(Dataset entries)
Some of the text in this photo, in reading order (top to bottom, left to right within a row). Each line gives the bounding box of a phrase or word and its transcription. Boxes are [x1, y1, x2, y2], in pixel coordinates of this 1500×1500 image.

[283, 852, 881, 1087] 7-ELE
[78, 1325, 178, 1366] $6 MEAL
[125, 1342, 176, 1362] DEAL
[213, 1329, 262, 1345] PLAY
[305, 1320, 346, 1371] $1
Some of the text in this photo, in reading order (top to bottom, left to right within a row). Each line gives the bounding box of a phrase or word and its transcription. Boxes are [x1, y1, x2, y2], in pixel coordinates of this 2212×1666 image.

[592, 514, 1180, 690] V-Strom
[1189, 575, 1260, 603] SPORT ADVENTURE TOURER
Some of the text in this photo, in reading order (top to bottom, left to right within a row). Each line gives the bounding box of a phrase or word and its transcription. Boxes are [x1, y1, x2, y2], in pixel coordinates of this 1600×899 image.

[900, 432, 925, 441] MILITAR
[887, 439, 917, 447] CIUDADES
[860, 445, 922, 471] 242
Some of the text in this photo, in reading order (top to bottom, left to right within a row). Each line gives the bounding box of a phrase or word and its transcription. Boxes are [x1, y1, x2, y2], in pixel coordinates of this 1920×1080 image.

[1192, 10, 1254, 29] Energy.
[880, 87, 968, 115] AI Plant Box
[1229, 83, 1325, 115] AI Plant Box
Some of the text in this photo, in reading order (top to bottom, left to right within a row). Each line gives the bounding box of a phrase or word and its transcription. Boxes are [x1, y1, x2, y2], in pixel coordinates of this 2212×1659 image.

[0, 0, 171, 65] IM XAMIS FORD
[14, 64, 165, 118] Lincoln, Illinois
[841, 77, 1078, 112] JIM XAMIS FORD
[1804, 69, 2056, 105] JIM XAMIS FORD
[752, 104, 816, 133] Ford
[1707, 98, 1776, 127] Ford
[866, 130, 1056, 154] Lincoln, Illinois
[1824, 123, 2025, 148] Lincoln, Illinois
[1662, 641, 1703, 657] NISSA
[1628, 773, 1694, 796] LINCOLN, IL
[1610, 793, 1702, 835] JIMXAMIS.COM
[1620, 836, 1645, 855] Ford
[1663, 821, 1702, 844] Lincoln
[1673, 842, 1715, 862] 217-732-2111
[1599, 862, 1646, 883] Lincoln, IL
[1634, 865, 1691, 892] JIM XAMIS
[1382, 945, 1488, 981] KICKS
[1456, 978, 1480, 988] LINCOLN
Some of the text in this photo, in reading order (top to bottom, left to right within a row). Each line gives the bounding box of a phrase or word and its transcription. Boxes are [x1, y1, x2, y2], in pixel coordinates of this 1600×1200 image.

Your assignment – Reproduce every record, matching each line exactly.

Answer for this exercise –
Some of the text in this photo, in reading order (top to bottom, left to right within a row). Each line gives the bounding box of a phrase or word and its transcription. Boxes are [x1, y1, x2, y2], in pixel coordinates of this 1500×1500 image.

[283, 852, 881, 1087] 7-ELE
[78, 1325, 178, 1366] $6 MEAL
[125, 1342, 176, 1362] DEAL
[213, 1329, 262, 1345] PLAY
[305, 1320, 346, 1371] $1
Some of the text in this photo, in reading order (top to bottom, left to right within a row). Each line gives the bounding box of a phrase or word and its transcription. Boxes are [x1, y1, x2, y2], in pixel coordinates of this 2212×1666 image.

[592, 514, 1180, 690] V-Strom
[1189, 575, 1260, 603] SPORT ADVENTURE TOURER
Some of the text in this photo, in reading order (top to bottom, left to right within a row). Each line gives the bounding box of a phrase or word and its transcription. Boxes are [x1, y1, x2, y2], in pixel coordinates of this 1600×899 image.

[900, 432, 925, 441] MILITAR
[887, 439, 917, 447] CIUDADES
[860, 445, 922, 471] 242
Some of the text in this photo, in reading order (top to bottom, left to right within a row). Each line gives the bounding box of a phrase or word and its transcription. Boxes are [x1, y1, x2, y2], in pixel coordinates of this 1920×1080 image.

[1192, 10, 1254, 29] Energy.
[880, 87, 968, 115] AI Plant Box
[1229, 83, 1325, 115] AI Plant Box
Some of the text in this photo, in reading order (top to bottom, left to right within a row). Each line gives the bounding box of a phrase or word and its transcription. Boxes are [x1, y1, x2, y2], in pixel coordinates of this 2212×1659 image.

[0, 0, 171, 65] IM XAMIS FORD
[14, 64, 165, 118] Lincoln, Illinois
[841, 77, 1078, 112] JIM XAMIS FORD
[1804, 69, 2056, 105] JIM XAMIS FORD
[752, 104, 816, 133] Ford
[1707, 98, 1776, 127] Ford
[866, 130, 1056, 154] Lincoln, Illinois
[1824, 123, 2025, 148] Lincoln, Illinois
[1662, 641, 1703, 657] NISSA
[1628, 773, 1694, 796] LINCOLN, IL
[1610, 793, 1702, 835] JIMXAMIS.COM
[1620, 836, 1645, 855] Ford
[1663, 821, 1702, 844] Lincoln
[1673, 842, 1715, 862] 217-732-2111
[1599, 862, 1646, 883] Lincoln, IL
[1634, 865, 1691, 892] JIM XAMIS
[1382, 945, 1488, 981] KICKS
[1456, 978, 1480, 988] LINCOLN
Some of the text in this photo, in reading order (top to bottom, left to right within a row). Each line gives the bounding box of a phrase or word and its transcription. Boxes are [x1, y1, x2, y2], in pixel coordinates of this 1600×1200 image.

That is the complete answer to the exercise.